Michel Pelegrin, maire de Vautebis (79) et Jean-Michel Menant, maire de Chantecorps (79) font partie des maires en lutte contre les compteurs Linky. / © Marine Rondonnier
Michel Pelegrin, maire de Vautebis (79) et Jean-Michel Menant, maire de Chantecorps (79) font partie des maires en lutte contre les compteurs Linky. / © Marine Rondonnier

Les compteurs connectés Linky, en majorité fabriqués dans la Vienne, suscitent l'inquiétude de nombreux consommateurs. Des associations d'opposants se constituent un peu partout et quatre communes du Poitou-Charentes s'insurgent contre la pose de ces compteurs sur leur territoire.

Par Christine Hinckel et Marine Rondonnier

Vautebis, Chantecorps et Coutières, trois petites communes des Deux-Sèvres partagent le même combat anti-compteurs Linky avec Tonnay-Boutonne en Charente-Maritime. Les conseils municipaux de Vautebis (120 habitants) et Chantecorps (330 habitants) ont voté à l'unanimité contre l'installation de ces compteurs "intelligents". Les maires s'expliquent sur les motivations qui ont poussé leurs concitoyens et eux-même à adopter cette position.


Pourquoi être contre les compteurs Linky ?

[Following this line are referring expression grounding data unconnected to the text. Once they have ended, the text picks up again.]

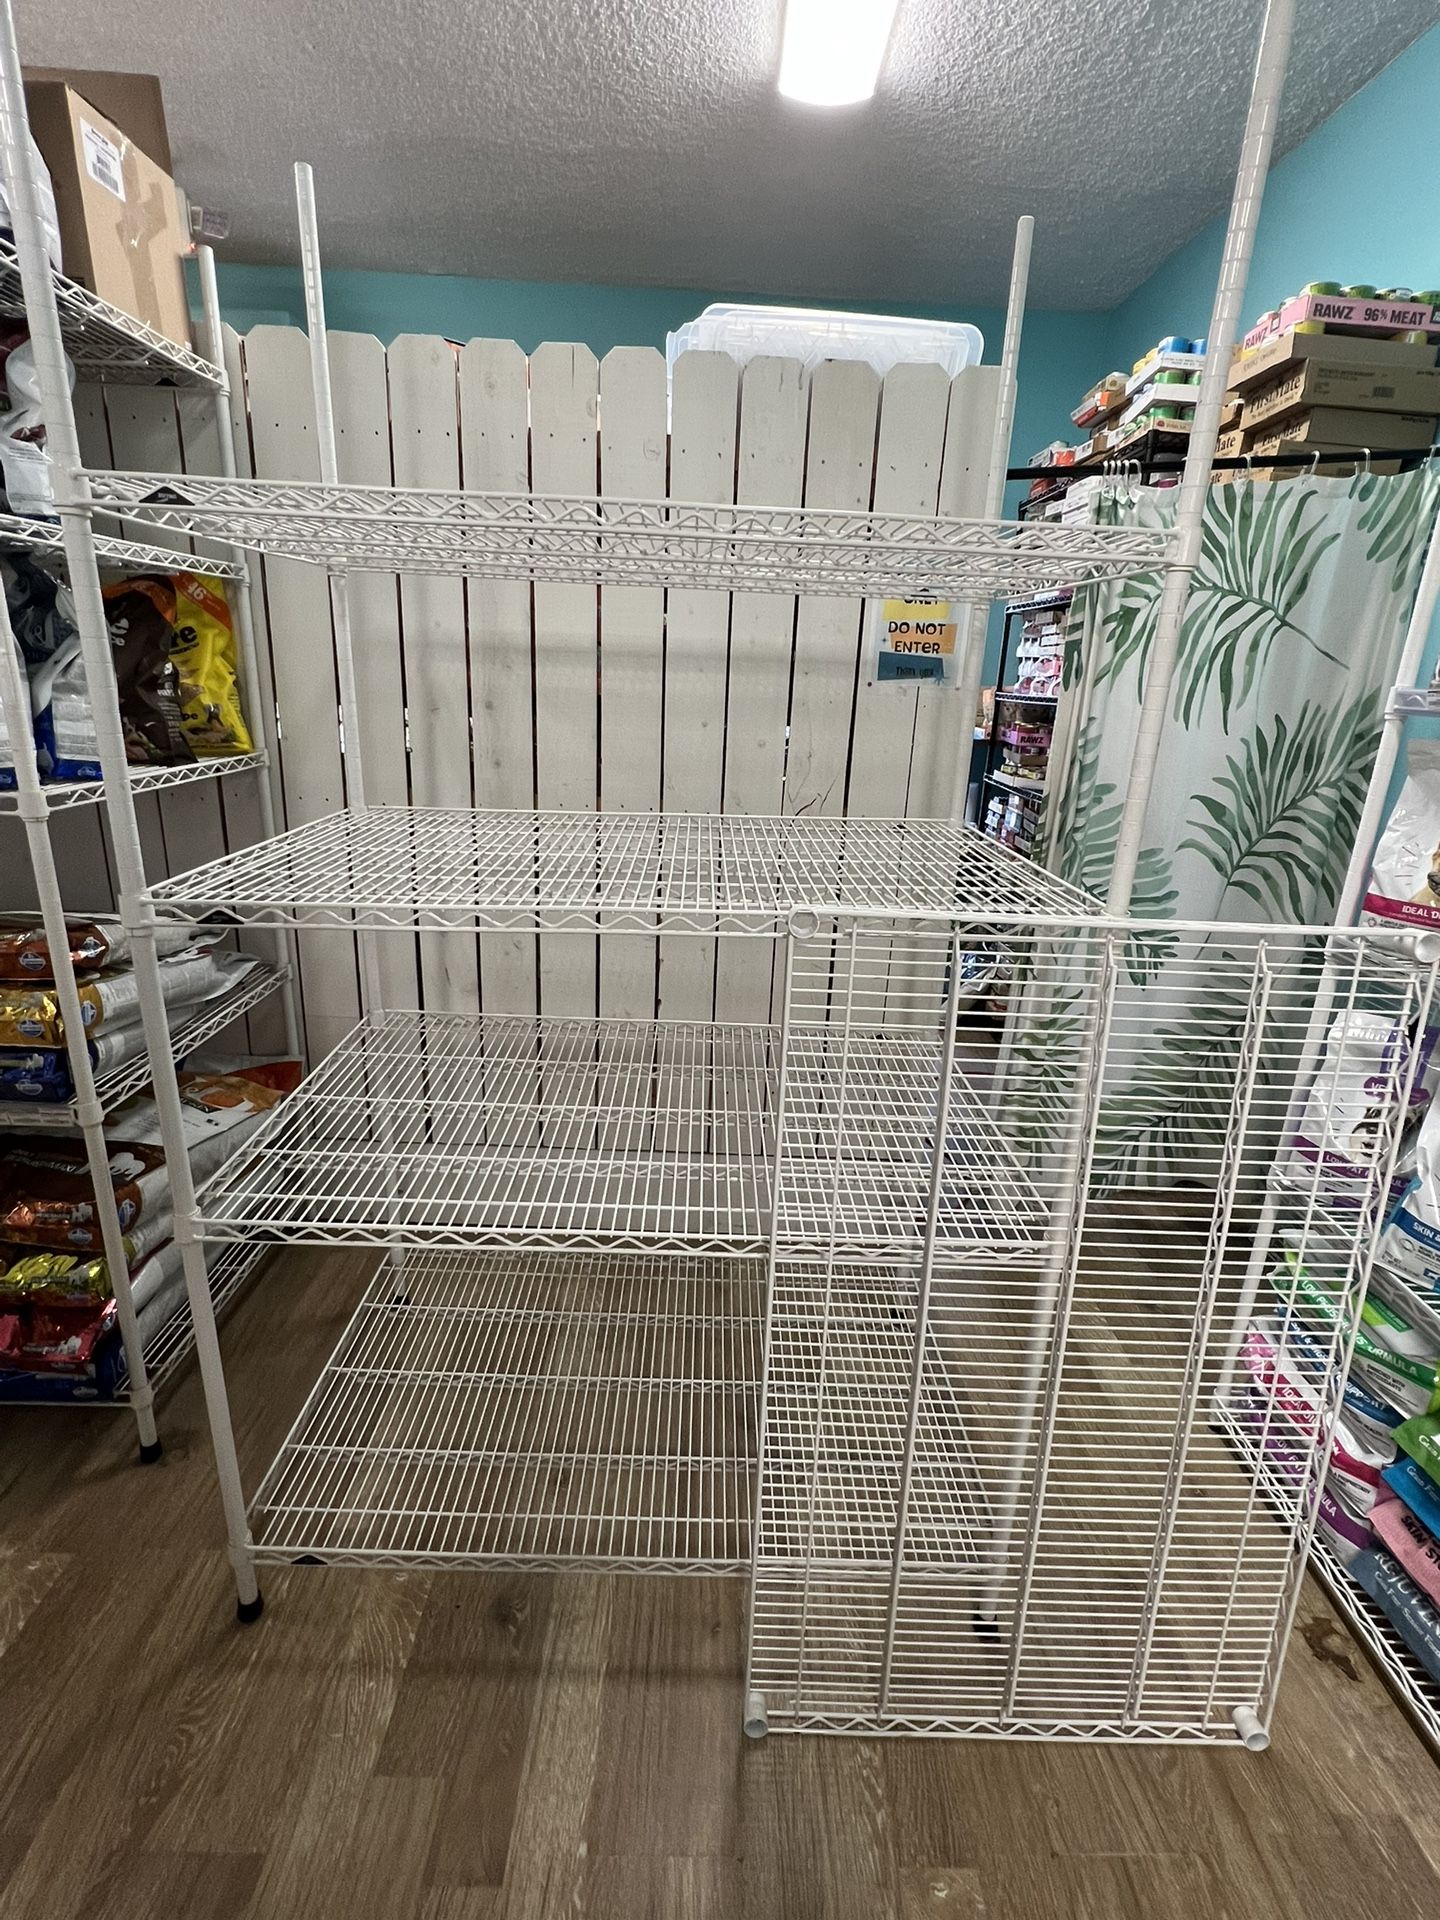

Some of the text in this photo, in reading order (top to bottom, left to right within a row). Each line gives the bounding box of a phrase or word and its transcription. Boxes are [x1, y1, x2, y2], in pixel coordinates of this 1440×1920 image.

[1313, 303, 1355, 320] RAWZ
[1390, 309, 1426, 326] MEAT
[888, 621, 946, 635] DO NOT
[1402, 905, 1429, 918] IDEAL
[1413, 1221, 1434, 1239] SKIN

  • Un motif d'économie avant tout : pour eux, les anciens compteurs fonctionnent très bien, font-ils remarquer.
  • La santé ensuite, avec la peur des ondes émises en continu par ces compteurs. C'est la raison la plus souvent avancée par les opposants.
  • La protection de la vie privée enfin. Les données personnelles de consommation d'électricité collectées grâce à ces compteurs peuvent renseigner sur le mode de vie et le nombre de personnes présentes au domicile. Elles pourraient aussi être transmises à des fins commerciales.

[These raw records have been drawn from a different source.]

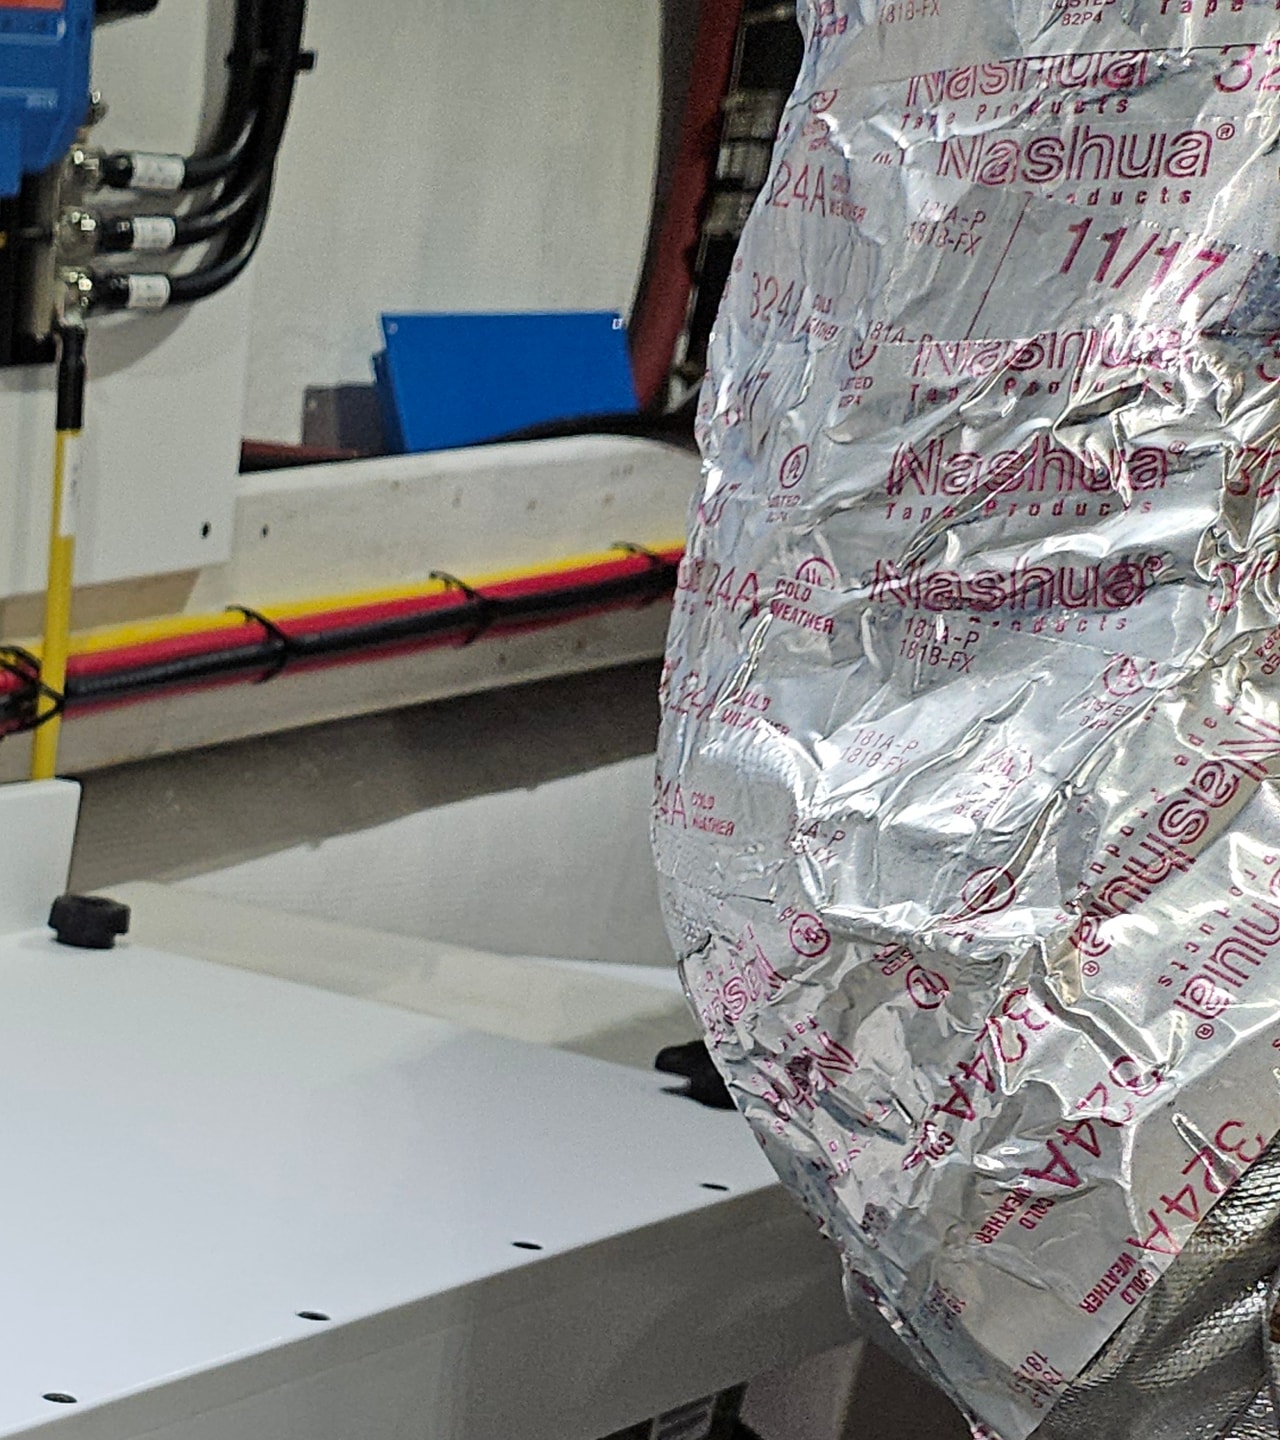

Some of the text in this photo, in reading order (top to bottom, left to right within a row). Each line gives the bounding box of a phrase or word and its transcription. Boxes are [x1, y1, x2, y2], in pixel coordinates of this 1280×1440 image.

[1061, 11, 1103, 26] 82P4
[1059, 216, 1230, 305] 11/17
[775, 578, 812, 602] COLD
[770, 600, 835, 634] WEATHER
[899, 638, 977, 673] 181B-FX
[854, 729, 919, 752] 181A-P
[1125, 1119, 1266, 1256] 324A
[975, 1186, 1035, 1245] WEATHER
[1018, 1196, 1056, 1231] COLD
[1078, 1252, 1138, 1315] WEATHER
[1119, 1267, 1155, 1306] COLD

110 communes françaises opposées aux compteurs Linky

En France, 110 communes prennent position contre ces compteurs Linky, notamment en Dordogne où elles sont les plus nombreuses. Les maires de Vautebis et Chantecorps, comme les autres, savent cependant qu'ils ne pourront pas s'opposer à leur installation, qui est obligatoire et gratuite, mais ils aimeraient que leur décision fasse des émules et que le débat soit relancé. D'ici 2021, les 35 millions de compteurs existants en France seront remplacés.

Le reportage de Marine Rondonnier, Marine Nadal et Thierry Cormerais :
Deux-Sèvres : exemple de deux communes opposées au compteur Linky
Reportage de Marine Rondonnier, Marine Nadal et Thierry Cormerais

Comment ERDF défend les compteurs Linky

Face aux craintes, ERDF s'explique et tente de rassurer les consommateurs en réfutant les principaux arguments émis par les opposants aux compteurs Linky.

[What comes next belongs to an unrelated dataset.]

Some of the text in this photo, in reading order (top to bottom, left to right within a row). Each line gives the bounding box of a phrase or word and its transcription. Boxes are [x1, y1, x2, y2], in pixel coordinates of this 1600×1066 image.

  • Les dangers pour la santé : les compteurs sont connectés à internet via le réseau électrique et pas en Wifi. Les rayonnements au niveau des câbles existent mais ils sont faibles comparativement aux fours à micro-ondes ou aux lampes à faible consommation par exemple. Ils ne sont considérés que comme "cancérogènes possibles" par l'OMS (Organisation Mondiale de la Santé).
  • La protection de la vie privée : la Commission Nationale Informatique et Libertés a donné son accord pour la collecte et la transmission des données de consommation en temps réels dans chaque foyer et le client devra donner son consentement pour la transmission à l'opérateur.
  • Ces compteurs Linky doivent favoriser la baisse de la consommation d'énergie. Un argument cependant réfuté par l'association Que Choisir qui craint plutôt une hausse de la facture d'électricité dans chaque foyer. Que Choisir explique que ces compteurs ne feront que permettre à ERDF de mieux répartir les charges de la demande de consommation sur les différents moyens de production.